Software Track Project Ideas
If you are thinking about pursuing the software track for your project, here are some topics you might consider working on to improve MeTA, a toolkit for information retrieval and text analysis.
Information Retrieval Improvements
Information retrieval is a strong focus in MeTA, but there are still a few gaps. The following projects focus on filling those gaps.
Feedback Methods for Retrieval
MeTA currently lacks an implementation of pseudo-relevance feedback for retrieval. There are two main approaches here: (1) Rocchio which corresponds to the vector-space model for retrieval and (2) Model-based feedback in the KL-divergence retrieval model, which focuses on feedback in the language modeling approach. There has been some recent work on axiomatic analysis of pseudo-relevance feedback methods.
The concrete task for this project would be to add pseudo-relevance feedback method(s) to MeTA. In particular, exploring the methods modified using axiomatic analysis would be good.
Query Spelling Correction
One major problem in information retrieval systems occurs when users misspell things in their queries, which often results in poor retrieval performance. There are many models that can be used to automatically detect and correct spelling mistakes.
The concrete task for this project would be to implement spelling correction method(s) in MeTA.
Learning to Rank
A very popular approach for formulating a ranking function for information retrieval tasks is to use learning to rank, where a ranking function is constructed by learning weights for different features based on some training data (queries + relevance judgments). MeTA currently has implementations of some of the most popular classifiers, but does not yet leverage them to provide a ranking function based on learning to rank. There are many formulations for learning to rank; this one might be the simplest to implement.
The concrete task for this project would be to add learning to rank method(s) to MeTA. It would be great if you could compare more than one method.
Topic Model Improvements
A major component of MeTA is a library for topic modeling. Here are some projects that would improve MeTA’s topic modeling library.

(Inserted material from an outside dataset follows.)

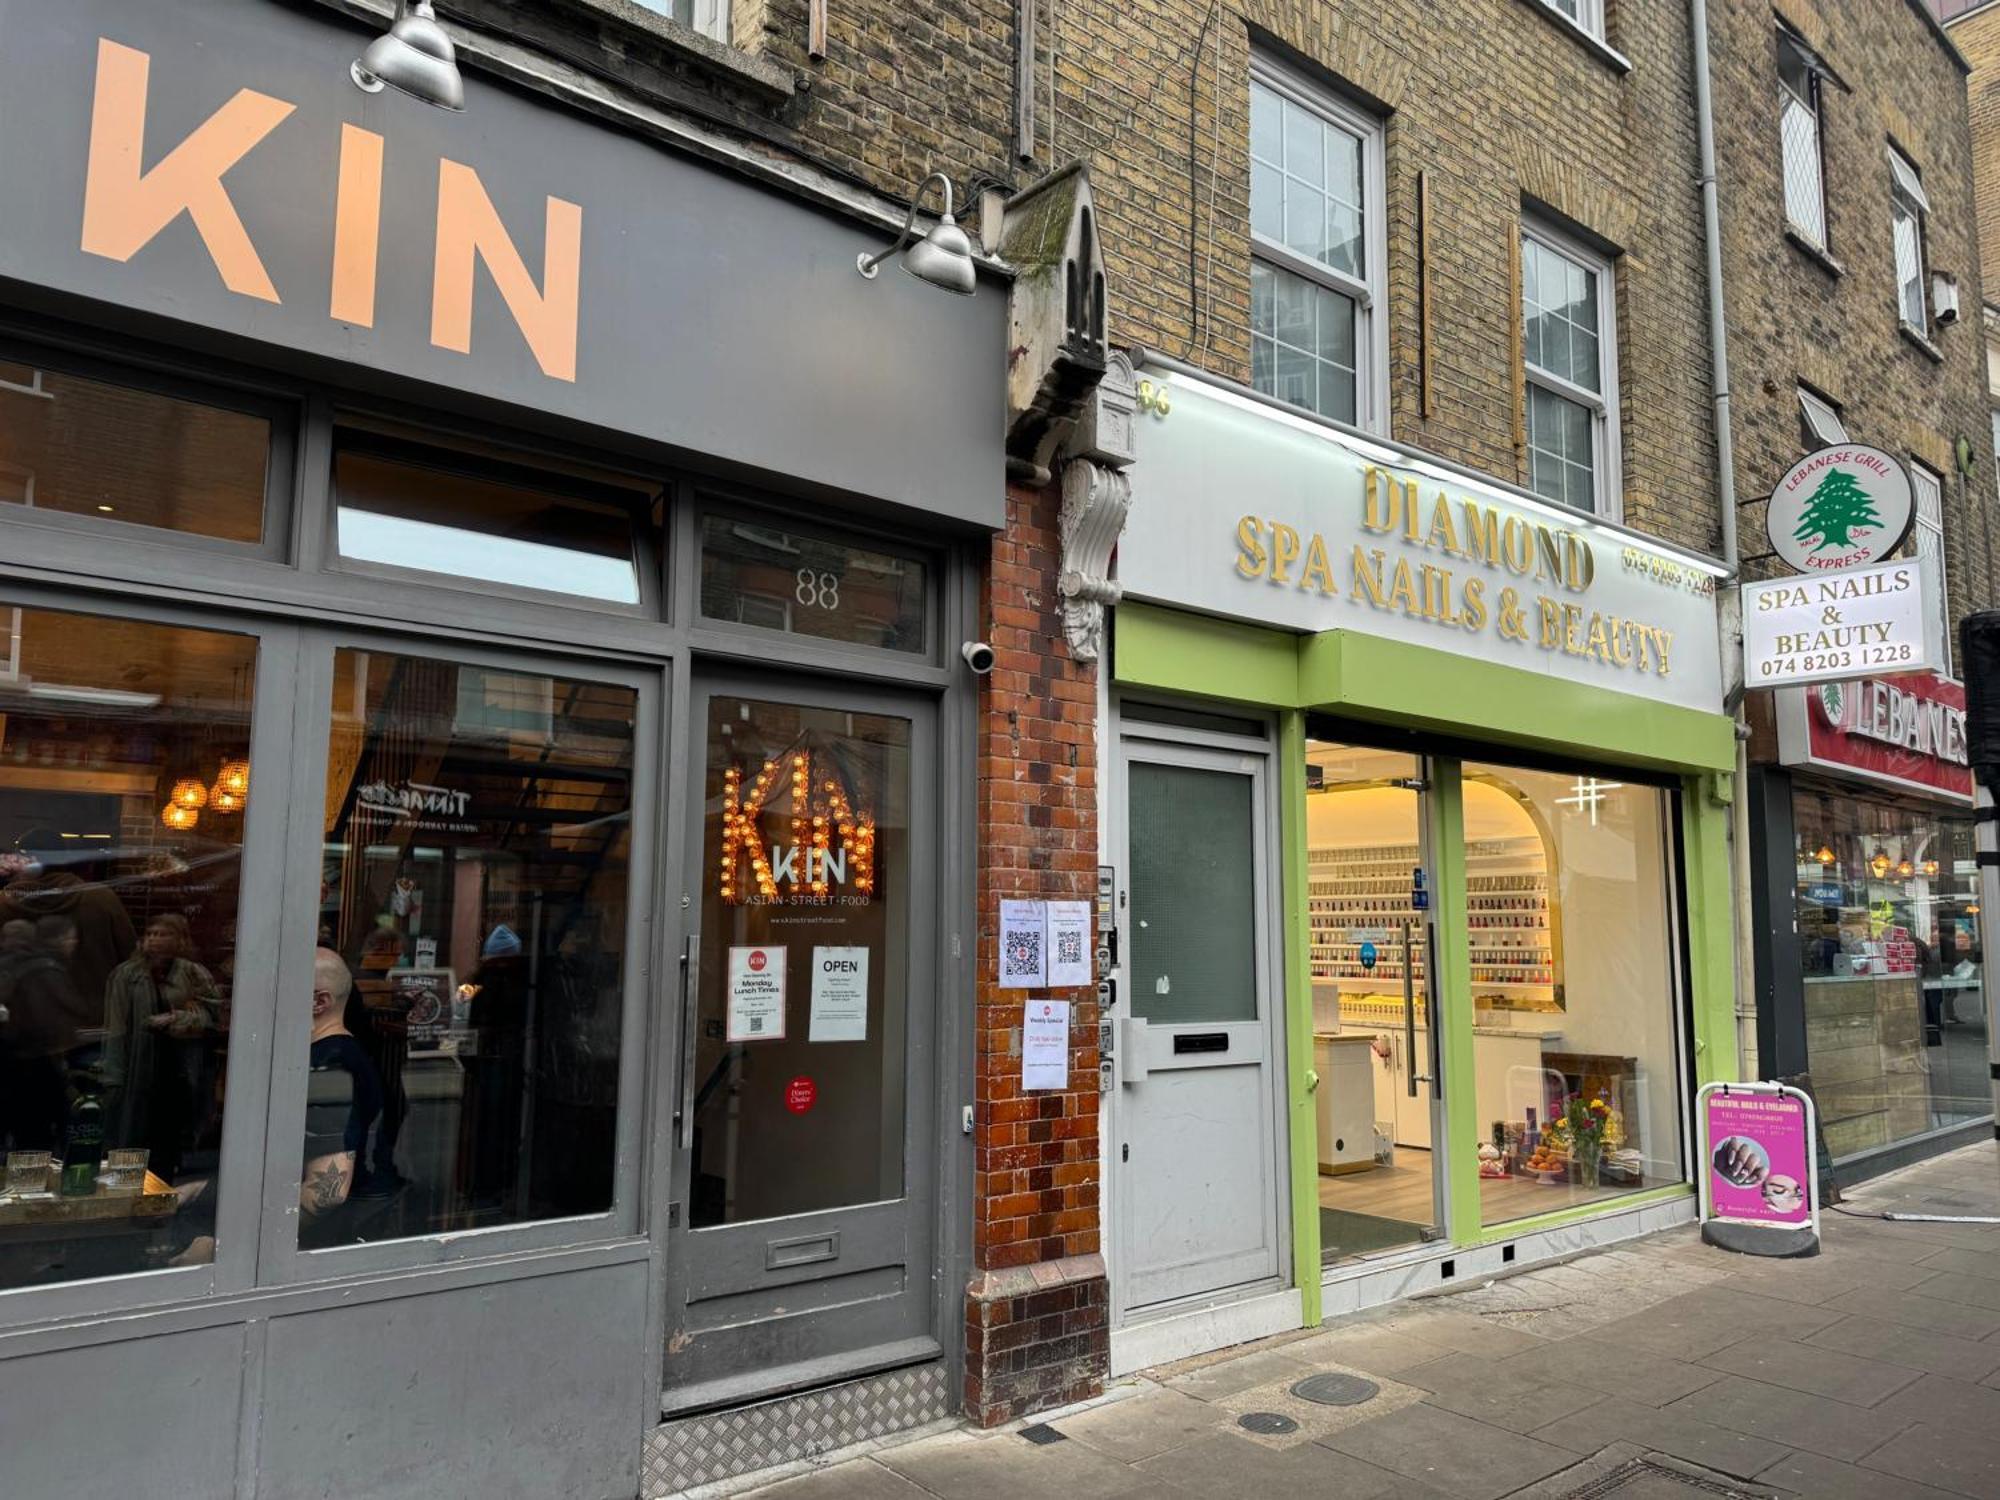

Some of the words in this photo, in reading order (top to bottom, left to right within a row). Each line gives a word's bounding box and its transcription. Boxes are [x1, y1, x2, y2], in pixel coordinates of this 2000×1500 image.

Hyperparameter optimization for LDA
This project would focus on adding methods for optimizing the hyperparameters and for the LDA topic models in MeTA. These are currently assumed by most of the methods to be (1) symmetric and (2) fixed. However, there is work that suggests that the proper setting of these parameters is very important.

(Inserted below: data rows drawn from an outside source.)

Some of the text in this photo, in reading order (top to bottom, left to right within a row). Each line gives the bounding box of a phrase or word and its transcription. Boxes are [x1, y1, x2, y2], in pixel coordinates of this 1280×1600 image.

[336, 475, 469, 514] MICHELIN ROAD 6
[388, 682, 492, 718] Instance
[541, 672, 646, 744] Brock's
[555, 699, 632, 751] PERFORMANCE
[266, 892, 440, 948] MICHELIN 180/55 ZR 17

The concrete task for this project would be to add the hyperparameter optimization methods mentioned in the previous paper and Hannah Wallach’s thesis (see chapter 2) to MeTA to improve the topic modeling performance. You should implement a few of these optimization methods and compare their effectiveness in a similar way to the Wallach paper.
Speed up Collapsed Gibbs Sampling with Sparse Sampling Methods
Lots of effort has been put into speeding up collapsed Gibbs sampling algorithm for inference in LDA. One approach leverages the sparsity of the full conditional distribution to speed up sampling.

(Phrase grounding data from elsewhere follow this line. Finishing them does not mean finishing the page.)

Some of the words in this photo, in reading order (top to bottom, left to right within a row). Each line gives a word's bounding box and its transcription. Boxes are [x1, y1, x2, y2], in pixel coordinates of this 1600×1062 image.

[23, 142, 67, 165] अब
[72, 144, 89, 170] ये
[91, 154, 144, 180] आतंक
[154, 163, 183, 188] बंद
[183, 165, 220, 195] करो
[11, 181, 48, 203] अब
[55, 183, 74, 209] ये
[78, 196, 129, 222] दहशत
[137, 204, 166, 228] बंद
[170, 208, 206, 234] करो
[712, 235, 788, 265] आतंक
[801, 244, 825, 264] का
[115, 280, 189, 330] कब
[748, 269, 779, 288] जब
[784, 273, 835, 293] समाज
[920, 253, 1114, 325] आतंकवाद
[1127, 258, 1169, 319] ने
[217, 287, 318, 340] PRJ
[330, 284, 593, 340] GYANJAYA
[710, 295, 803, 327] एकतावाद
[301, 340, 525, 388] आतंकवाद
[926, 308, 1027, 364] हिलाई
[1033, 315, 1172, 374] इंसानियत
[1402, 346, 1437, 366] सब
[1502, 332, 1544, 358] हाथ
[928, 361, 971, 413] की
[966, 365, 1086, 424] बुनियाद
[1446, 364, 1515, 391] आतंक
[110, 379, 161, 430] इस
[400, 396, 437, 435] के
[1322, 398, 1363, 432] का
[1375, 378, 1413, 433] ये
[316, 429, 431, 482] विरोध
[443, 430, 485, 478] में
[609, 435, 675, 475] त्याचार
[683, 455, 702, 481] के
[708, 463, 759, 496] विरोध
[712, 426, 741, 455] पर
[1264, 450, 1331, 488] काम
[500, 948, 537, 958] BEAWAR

The concrete task for this project would be to speed up the existing Gibbs sampling methods in MeTA (
parallel_lda_gibbs) by exploiting the sparsity of the full conditional distribution using the method described in the above paper.
Make “Stochastic Collapsed Variational Inference” Actually Stochastic
This project would focus on MeTA’s current implementation of Stochastic Collapsed Variational Inference for LDA. Currently, the implementation of this method is essentially still a batch implementation—there is no way to feed documents into the method in a streaming fashion.
The concrete task for this project would be to modify the existing SCVB0 method in MeTA to support streaming document collections.
This project would focus on MeTA’s current implementation of CVB0. The paper that introduced CVB0 also discussed a parallelized implementation, but did not describe how this was actually achieved. We suspect this is essentially the same as was done for AD-LDA, which exists as
The concrete task for this project would be to add a parallelized implementation of CVB0 to meta that mirrors
There are many modifications to LDA. One of these incorporates document labels into the inference process, where the labels might be discrete (like classes) or real-valued (like ratings). This method is called supervised LDA.
The concrete task for this project would be to add a supervised LDA implementation to MeTA’s topic modeling library.
Latent Aspect Rating Analysis
One modification of LDA from Prof. Zhai’s group is LARA and its modification LARAM, which can be used to mine review corpora for aspects, their scores for different reviewed items, and their importance to different reviewers.
The concrete task for this project would be to add an implementation of LARAM to MeTA’s topic modeling library.
Word Embedding Improvements
Word embeddings are a recent addition to MeTA. Currently, MeTA implements the GloVe algorithm (cite paper) for word embeddings that we discussed in lecture.
Skip-Gram Negative Sampling
Perhaps the most popular word embedding method today is the negative-sampling method for learning the Skip-Gram model. This is an important baseline for word embedding methods today.
The concrete task for this project would be to add an implementation of skip-gram negative smapling to MeTA’s word embedding library. It would be good to compare the performance of GloVe with SGNS as a result.
It is natural to start to think about embeddings of larger objects than individual words. For example, one can create an embedding for a document and thus compute similarities between documents instead of similarities between words.
The concrete task for this project would be to add an implementation of word mover’s distance to MeTA.